### [Referring expression grounding data]

____

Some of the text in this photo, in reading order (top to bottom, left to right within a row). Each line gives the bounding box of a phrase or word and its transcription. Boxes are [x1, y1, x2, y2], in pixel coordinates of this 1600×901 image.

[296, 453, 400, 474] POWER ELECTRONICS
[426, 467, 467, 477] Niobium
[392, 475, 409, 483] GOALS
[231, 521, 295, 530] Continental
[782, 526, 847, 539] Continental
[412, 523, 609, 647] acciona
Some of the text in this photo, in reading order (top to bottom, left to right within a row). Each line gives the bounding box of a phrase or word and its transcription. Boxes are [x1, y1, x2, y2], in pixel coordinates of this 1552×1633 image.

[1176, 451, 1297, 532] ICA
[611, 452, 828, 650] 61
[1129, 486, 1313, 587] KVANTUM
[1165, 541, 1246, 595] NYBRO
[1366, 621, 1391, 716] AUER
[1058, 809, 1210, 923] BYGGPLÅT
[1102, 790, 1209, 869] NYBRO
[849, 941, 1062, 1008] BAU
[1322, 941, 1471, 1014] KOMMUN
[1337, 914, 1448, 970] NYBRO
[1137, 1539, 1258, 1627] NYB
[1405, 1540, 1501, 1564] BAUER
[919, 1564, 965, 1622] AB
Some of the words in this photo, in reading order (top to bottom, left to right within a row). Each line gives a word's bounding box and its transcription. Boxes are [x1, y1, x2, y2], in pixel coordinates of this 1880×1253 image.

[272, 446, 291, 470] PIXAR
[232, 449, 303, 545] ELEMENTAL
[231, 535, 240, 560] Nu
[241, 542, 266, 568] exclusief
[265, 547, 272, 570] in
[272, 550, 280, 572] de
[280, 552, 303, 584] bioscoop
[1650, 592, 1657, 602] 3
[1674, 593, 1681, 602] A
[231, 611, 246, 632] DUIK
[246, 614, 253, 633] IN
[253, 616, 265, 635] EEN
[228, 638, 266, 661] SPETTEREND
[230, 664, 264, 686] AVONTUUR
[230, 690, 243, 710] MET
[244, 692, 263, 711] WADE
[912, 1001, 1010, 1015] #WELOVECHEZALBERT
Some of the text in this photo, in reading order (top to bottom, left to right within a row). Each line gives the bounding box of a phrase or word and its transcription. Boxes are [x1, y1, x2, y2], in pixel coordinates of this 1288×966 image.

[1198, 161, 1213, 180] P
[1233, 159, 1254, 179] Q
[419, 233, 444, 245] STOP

____

### [TASK TO CARRY OUT]
Exactly and exclusively, repeat the lines from the line that contains "this 1288×966 image." through the end of the records, both ends included.

### [TASK RESULT]
Some of the text in this photo, in reading order (top to bottom, left to right within a row). Each line gives the bounding box of a phrase or word and its transcription. Boxes are [x1, y1, x2, y2], in pixel coordinates of this 1288×966 image.

[1198, 161, 1213, 180] P
[1233, 159, 1254, 179] Q
[419, 233, 444, 245] STOP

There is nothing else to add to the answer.